**Exercise objective**. The response should consist of the records, reproduced exactly.

**Given data**.
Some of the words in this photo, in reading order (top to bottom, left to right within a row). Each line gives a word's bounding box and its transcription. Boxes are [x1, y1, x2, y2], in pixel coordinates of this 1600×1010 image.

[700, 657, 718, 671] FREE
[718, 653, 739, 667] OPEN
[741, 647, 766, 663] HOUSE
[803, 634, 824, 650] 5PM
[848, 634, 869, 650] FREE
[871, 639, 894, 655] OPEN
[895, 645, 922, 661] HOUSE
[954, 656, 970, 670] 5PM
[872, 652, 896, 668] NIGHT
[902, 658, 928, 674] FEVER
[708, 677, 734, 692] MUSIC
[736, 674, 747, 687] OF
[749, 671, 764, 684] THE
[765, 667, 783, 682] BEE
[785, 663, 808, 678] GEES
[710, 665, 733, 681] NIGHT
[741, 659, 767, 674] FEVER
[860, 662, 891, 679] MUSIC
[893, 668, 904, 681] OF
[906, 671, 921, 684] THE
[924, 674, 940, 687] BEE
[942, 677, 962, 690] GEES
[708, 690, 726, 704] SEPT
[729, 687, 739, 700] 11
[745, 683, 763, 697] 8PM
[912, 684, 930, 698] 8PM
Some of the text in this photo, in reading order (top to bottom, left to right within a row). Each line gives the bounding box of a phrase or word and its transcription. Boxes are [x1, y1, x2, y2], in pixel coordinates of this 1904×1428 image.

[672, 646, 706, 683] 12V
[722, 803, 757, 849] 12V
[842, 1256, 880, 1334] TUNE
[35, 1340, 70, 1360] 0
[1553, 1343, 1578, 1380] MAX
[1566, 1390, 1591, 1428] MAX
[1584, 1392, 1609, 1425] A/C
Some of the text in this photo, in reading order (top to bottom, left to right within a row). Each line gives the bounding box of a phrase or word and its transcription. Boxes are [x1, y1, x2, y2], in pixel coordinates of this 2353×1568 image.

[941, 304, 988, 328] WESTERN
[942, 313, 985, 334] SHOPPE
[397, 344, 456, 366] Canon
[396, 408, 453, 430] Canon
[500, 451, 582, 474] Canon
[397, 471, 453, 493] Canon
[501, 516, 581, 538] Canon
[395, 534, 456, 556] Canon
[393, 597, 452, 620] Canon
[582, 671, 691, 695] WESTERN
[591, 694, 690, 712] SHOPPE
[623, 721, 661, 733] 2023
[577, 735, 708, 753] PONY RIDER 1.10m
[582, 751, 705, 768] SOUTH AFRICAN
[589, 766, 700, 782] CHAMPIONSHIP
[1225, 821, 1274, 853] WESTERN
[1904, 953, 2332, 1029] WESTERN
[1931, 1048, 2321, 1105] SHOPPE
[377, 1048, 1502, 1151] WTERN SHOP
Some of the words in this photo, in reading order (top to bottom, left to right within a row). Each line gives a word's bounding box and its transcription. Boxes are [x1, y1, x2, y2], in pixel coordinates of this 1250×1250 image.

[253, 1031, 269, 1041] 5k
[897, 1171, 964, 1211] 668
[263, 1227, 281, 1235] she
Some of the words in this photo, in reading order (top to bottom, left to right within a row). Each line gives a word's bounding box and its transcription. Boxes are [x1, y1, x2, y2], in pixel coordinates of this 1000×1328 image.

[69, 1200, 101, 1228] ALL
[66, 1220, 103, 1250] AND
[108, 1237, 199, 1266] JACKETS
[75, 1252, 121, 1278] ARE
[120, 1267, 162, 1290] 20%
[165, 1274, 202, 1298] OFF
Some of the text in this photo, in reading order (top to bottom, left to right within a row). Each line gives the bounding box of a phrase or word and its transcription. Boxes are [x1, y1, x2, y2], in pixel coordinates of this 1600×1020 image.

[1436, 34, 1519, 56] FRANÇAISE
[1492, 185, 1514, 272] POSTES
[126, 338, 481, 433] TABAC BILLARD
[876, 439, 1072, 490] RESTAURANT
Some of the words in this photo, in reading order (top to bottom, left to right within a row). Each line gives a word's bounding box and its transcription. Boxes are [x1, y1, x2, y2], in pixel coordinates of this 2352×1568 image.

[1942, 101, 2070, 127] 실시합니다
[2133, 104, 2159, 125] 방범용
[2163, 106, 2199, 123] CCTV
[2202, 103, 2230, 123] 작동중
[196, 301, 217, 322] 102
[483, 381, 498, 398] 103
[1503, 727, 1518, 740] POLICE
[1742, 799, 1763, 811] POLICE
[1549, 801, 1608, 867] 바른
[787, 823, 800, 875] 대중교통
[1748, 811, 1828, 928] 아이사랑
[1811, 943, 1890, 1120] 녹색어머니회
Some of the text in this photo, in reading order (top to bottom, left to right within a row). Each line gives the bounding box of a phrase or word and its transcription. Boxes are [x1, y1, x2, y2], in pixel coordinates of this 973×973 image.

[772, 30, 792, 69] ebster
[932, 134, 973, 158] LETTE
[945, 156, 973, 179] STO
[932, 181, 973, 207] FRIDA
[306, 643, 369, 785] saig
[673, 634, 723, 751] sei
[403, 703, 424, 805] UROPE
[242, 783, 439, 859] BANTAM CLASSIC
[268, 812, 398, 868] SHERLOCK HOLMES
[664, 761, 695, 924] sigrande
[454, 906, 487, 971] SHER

**Task output**.
Some of the words in this photo, in reading order (top to bottom, left to right within a row). Each line gives a word's bounding box and its transcription. Boxes are [x1, y1, x2, y2], in pixel coordinates of this 1600×1010 image.

[700, 657, 718, 671] FREE
[718, 653, 739, 667] OPEN
[741, 647, 766, 663] HOUSE
[803, 634, 824, 650] 5PM
[848, 634, 869, 650] FREE
[871, 639, 894, 655] OPEN
[895, 645, 922, 661] HOUSE
[954, 656, 970, 670] 5PM
[872, 652, 896, 668] NIGHT
[902, 658, 928, 674] FEVER
[708, 677, 734, 692] MUSIC
[736, 674, 747, 687] OF
[749, 671, 764, 684] THE
[765, 667, 783, 682] BEE
[785, 663, 808, 678] GEES
[710, 665, 733, 681] NIGHT
[741, 659, 767, 674] FEVER
[860, 662, 891, 679] MUSIC
[893, 668, 904, 681] OF
[906, 671, 921, 684] THE
[924, 674, 940, 687] BEE
[942, 677, 962, 690] GEES
[708, 690, 726, 704] SEPT
[729, 687, 739, 700] 11
[745, 683, 763, 697] 8PM
[912, 684, 930, 698] 8PM
Some of the text in this photo, in reading order (top to bottom, left to right within a row). Each line gives the bounding box of a phrase or word and its transcription. Boxes are [x1, y1, x2, y2], in pixel coordinates of this 1904×1428 image.

[672, 646, 706, 683] 12V
[722, 803, 757, 849] 12V
[842, 1256, 880, 1334] TUNE
[35, 1340, 70, 1360] 0
[1553, 1343, 1578, 1380] MAX
[1566, 1390, 1591, 1428] MAX
[1584, 1392, 1609, 1425] A/C
Some of the text in this photo, in reading order (top to bottom, left to right within a row). Each line gives the bounding box of a phrase or word and its transcription. Boxes are [x1, y1, x2, y2], in pixel coordinates of this 2353×1568 image.

[941, 304, 988, 328] WESTERN
[942, 313, 985, 334] SHOPPE
[397, 344, 456, 366] Canon
[396, 408, 453, 430] Canon
[500, 451, 582, 474] Canon
[397, 471, 453, 493] Canon
[501, 516, 581, 538] Canon
[395, 534, 456, 556] Canon
[393, 597, 452, 620] Canon
[582, 671, 691, 695] WESTERN
[591, 694, 690, 712] SHOPPE
[623, 721, 661, 733] 2023
[577, 735, 708, 753] PONY RIDER 1.10m
[582, 751, 705, 768] SOUTH AFRICAN
[589, 766, 700, 782] CHAMPIONSHIP
[1225, 821, 1274, 853] WESTERN
[1904, 953, 2332, 1029] WESTERN
[1931, 1048, 2321, 1105] SHOPPE
[377, 1048, 1502, 1151] WTERN SHOP
Some of the words in this photo, in reading order (top to bottom, left to right within a row). Each line gives a word's bounding box and its transcription. Boxes are [x1, y1, x2, y2], in pixel coordinates of this 1250×1250 image.

[253, 1031, 269, 1041] 5k
[897, 1171, 964, 1211] 668
[263, 1227, 281, 1235] she
Some of the words in this photo, in reading order (top to bottom, left to right within a row). Each line gives a word's bounding box and its transcription. Boxes are [x1, y1, x2, y2], in pixel coordinates of this 1000×1328 image.

[69, 1200, 101, 1228] ALL
[66, 1220, 103, 1250] AND
[108, 1237, 199, 1266] JACKETS
[75, 1252, 121, 1278] ARE
[120, 1267, 162, 1290] 20%
[165, 1274, 202, 1298] OFF
Some of the text in this photo, in reading order (top to bottom, left to right within a row). Each line gives the bounding box of a phrase or word and its transcription. Boxes are [x1, y1, x2, y2], in pixel coordinates of this 1600×1020 image.

[1436, 34, 1519, 56] FRANÇAISE
[1492, 185, 1514, 272] POSTES
[126, 338, 481, 433] TABAC BILLARD
[876, 439, 1072, 490] RESTAURANT
Some of the words in this photo, in reading order (top to bottom, left to right within a row). Each line gives a word's bounding box and its transcription. Boxes are [x1, y1, x2, y2], in pixel coordinates of this 2352×1568 image.

[1942, 101, 2070, 127] 실시합니다
[2133, 104, 2159, 125] 방범용
[2163, 106, 2199, 123] CCTV
[2202, 103, 2230, 123] 작동중
[196, 301, 217, 322] 102
[483, 381, 498, 398] 103
[1503, 727, 1518, 740] POLICE
[1742, 799, 1763, 811] POLICE
[1549, 801, 1608, 867] 바른
[787, 823, 800, 875] 대중교통
[1748, 811, 1828, 928] 아이사랑
[1811, 943, 1890, 1120] 녹색어머니회
Some of the text in this photo, in reading order (top to bottom, left to right within a row). Each line gives the bounding box of a phrase or word and its transcription. Boxes are [x1, y1, x2, y2], in pixel coordinates of this 973×973 image.

[772, 30, 792, 69] ebster
[932, 134, 973, 158] LETTE
[945, 156, 973, 179] STO
[932, 181, 973, 207] FRIDA
[306, 643, 369, 785] saig
[673, 634, 723, 751] sei
[403, 703, 424, 805] UROPE
[242, 783, 439, 859] BANTAM CLASSIC
[268, 812, 398, 868] SHERLOCK HOLMES
[664, 761, 695, 924] sigrande
[454, 906, 487, 971] SHER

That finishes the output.